Coalizione anti-Is: Obama fa filotto di critici amici

Scritto per Il Fatto Quotidiano del 10/10/2014

Sul retro della scacchiera della dama c’è un gioco che, se allinei tre pedine di fila, fai filotto e vinci. Barack Obama, il comandante in capo, anzi il professore in capo, come ormai lo chiamano negli Usa –e non è un complimento-, c’è riuscito. Solo che lui non ha vinto: ha perso.

Dopo Hillary Clinton e Leon Panetta, un terzo democratico influente ha detto che il presidente sbaglia per come conduce la guerra allo Stato Islamico. L'ex presidente Jimmy Carter, un Nobel per la Pace anch’egli –solo che lui se lo guadagnò una volta lasciata a Casa Bianca, non lo ottenne sulla fiducia appena entratoci- dice: "Abbiamo aspettato troppo tempo, lasciando che l’Is … si rafforzasse, ottenendo armi e denaro quando era ancora solo in Siria".

Gli alleati dell’America cruciali in questo conflitto non sono più teneri con Obama.
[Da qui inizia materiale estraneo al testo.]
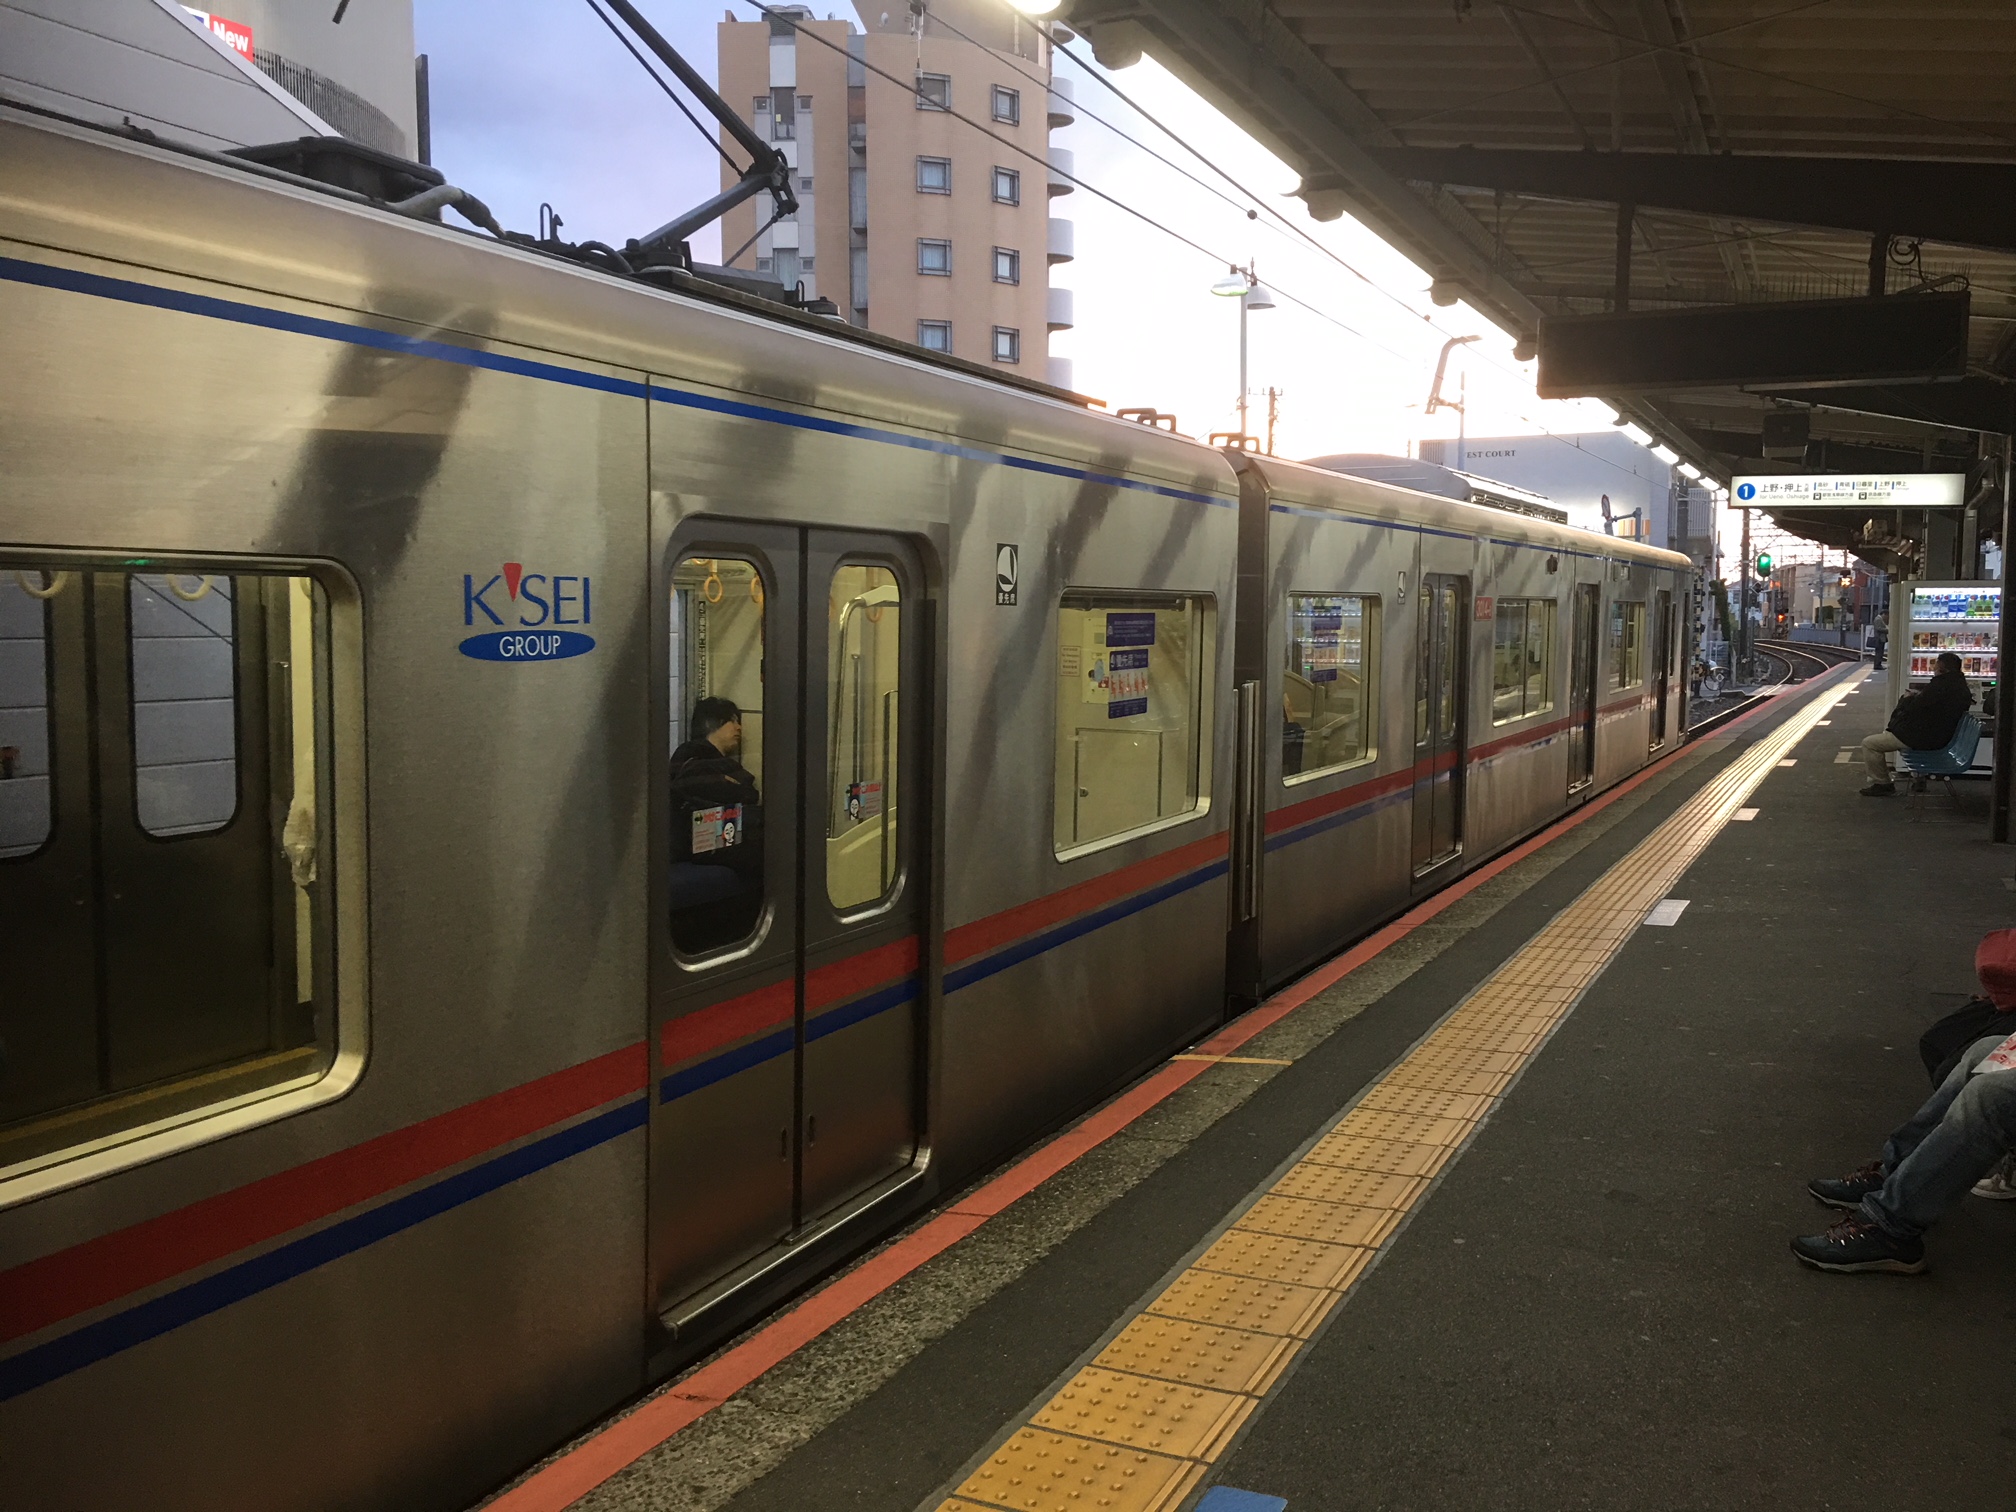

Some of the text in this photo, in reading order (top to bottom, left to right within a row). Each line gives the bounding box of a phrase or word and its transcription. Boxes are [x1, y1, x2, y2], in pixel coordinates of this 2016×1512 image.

[213, 20, 249, 52] New
[1743, 485, 1749, 498] 1
[499, 635, 562, 658] GROUP
Agli europei, può pure stare bene che gli Stati Uniti non vogliano inviare truppe di terra, così nessuno lo chiede loro. Ma il governo di Ankara giudica “non realistico” un intervento di terra in Siria solo turco e l’esercito della Mezza Luna assiste alla presa di Kobane, su cui l’aviazione alleata compie attacchi non risolutivi, senza passare il confine, nonostante le proteste dei curdi in Turchia facciano decine di vittime. John Allen, l’inviato speciale della Casa Bianca per il conflitto anti-Is, è ad Ankara, per colloqui con le autorità turche, dopo essere stato in Egitto.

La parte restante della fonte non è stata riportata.